Injection of α-13’-carboxychromanol, when administered intraperitoneally, alleviated airway hyperresponsiveness induced by OVA and reduced the infiltration of inflammatory cells around the bronchi.

α-Amplexichromanol exhibited superior efficacy compared to α-13’-carboxychromanol, as evidenced by its enhanced regulation over airway hyperresponsiveness and more pronounced reduction of subepithelial inflammation.

Both compounds conferred protective effects through the reduction of pulmonary leukotriene C4 concentrations.

The beneficial effects of α-amplexichromanol were linked to the suppression of the allergy induction process, as evidenced by reduced levels of plasma cell secreting IgE, fewer mast cells, and a weakened Th2 immune response.

α-Tocopherol plays a pivotal role in preserving mitochondrial integrity.

It reinstates the appearance of 3rd sub-unit of mitochondrial COX_ETC in cells of bronchial epithelia.

Additionally, it ameliorates ultrastructural alterations in bronchial epithelial mitochondria.

It reduces IL-4 and inhibits 12/15-LOX in vitro and its metabolites.

Furthermore, α-tocopherol diminishes fibrosis of subepithelia, and quantity of TGF-β1, thereby overall attenuating asthmatic features.

Kiliç et al. demonstrated that vitamin E caused a reduction in respiratory tract swelling and over-reactivity in their study involving a guinea pig model.

Research conducted by Li-Weber et al. demonstrated that α-tocopherol decreases IL-4 protein concentrations in human peripheral blood T cells in a manner dependent on the dose, by modulating IL-4 at the mRNA stage.

It inhibits the DNA attachment and activity of redox system-controlled transcription factors, NF-κβ, and AP-1. Studies on the molecular process reveal that vitamin E prevents those factors of transcription from adhering to two crucial IL-4 promoter regions, thereby interfering with promoter functionality during T-cell activation.

NF-κB and AP-1 activation requires PKC. The attachment of transcription factors to two vital IL-4 promoter regions for NF-κB and AP-1 is blocked by vitamin E, thereby reducing IL-4 transcription.

Boscoboinik et al. revealed that α-tocopherol impedes the movement of PKC to the cell membrane in cells activated by the esters of phorbol and suppresses phosphorylation PKC.

d-α-Tocopheryl acetate from soy (vitamin E) is a robust lipid-soluble antioxidant that intercepts and neutralizes ROS, halting their chain reactions.

Dworski et al. found that in sensitive asthmatics, airway inflammation caused by allergens severely reduces NRF2 activity of the macrophages and SOD, leaving them unresponsive to NRF2 activators. Treatment of vitamin E for extended periods mitigated this allergen-activated decrease in NRF2 activity in alveolar macrophages.

Esculetin has the potential to influence both humoral and cellular-mediated immune responses.

Additionally, upon esculetin treatment, the production of Th17, Th2, and Th1-associated cytokines was suppressed.

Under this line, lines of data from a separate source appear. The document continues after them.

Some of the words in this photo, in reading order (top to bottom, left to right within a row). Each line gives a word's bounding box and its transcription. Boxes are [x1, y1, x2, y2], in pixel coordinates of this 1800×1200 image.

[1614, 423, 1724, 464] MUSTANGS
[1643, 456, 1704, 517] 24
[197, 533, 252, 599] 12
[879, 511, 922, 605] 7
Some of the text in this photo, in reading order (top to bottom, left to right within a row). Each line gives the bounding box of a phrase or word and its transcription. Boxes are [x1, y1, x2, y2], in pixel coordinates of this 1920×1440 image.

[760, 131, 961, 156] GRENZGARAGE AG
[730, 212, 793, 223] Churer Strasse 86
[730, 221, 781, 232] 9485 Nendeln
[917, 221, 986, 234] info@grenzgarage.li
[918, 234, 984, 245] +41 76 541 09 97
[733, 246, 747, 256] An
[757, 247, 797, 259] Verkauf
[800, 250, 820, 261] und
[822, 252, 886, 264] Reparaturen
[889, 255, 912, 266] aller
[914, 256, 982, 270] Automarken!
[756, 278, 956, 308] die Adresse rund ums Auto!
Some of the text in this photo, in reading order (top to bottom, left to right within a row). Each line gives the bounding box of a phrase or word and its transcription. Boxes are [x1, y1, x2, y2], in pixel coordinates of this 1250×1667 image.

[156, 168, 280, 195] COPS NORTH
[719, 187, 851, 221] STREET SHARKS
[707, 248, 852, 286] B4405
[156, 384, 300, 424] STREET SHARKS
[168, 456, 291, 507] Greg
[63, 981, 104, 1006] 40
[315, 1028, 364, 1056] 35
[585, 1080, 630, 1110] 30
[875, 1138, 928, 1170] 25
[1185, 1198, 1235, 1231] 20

Esculetin reduces airway hyperresponsiveness.

Suppresses Th2 response.

Reduces lung eotaxin levels.

Decreases eosinophilia in bronchoalveolar lavage fluid, and attenuates airway inflammation.

Lowers the levels of OVA-specific IgE.

Moreover, 15-LOX activity and lipid peroxidation are declined by vitamin E, which are crucial factors contributing to mitochondrial dysfunction, thereby restoring the function of lung mitochondria.

Baicalein alleviates OVA-induced inflammation of the airways caused by allergic reactions by controlling the NF-κB pathway.

Xu et al. findings substantiate that baicalein administration mitigates asthma-related pathological alterations by deactivating the NF-κB/inducible nitric oxide synthase pathway.

Baicalein mitigates airway inflammation and remodeling by inhibiting vascular endothelial growth factor and epidermal growth factor receptor-associated mechanistic routes in an OVA-induced asthma mouse model.

Mabalirajan et al. discovered that Baicalein treatment markedly decreased levels of metabolites of 15-LOX.

Baicalein also reduced perivascular and peribronchial inflammatory cell infiltration.

Baicalein treatment restored mitochondrial functions.

Screening a plant extract library, coupled with dereplication technology, identified baicalin as a novel PDE4-selective inhibitor.

Research by Park et al. revealed that baicalin specifically inhibits the enzymatic activity of PDE4A and 4B.

Baicalin treatment revealed a reduction in inflammatory cell infiltrates and cytokines like TNF-α in bronchoalveolar lavage fluids, suggesting baicalin’s in vivo anti-inflammatory effects are partially due to its PDE4 inhibition.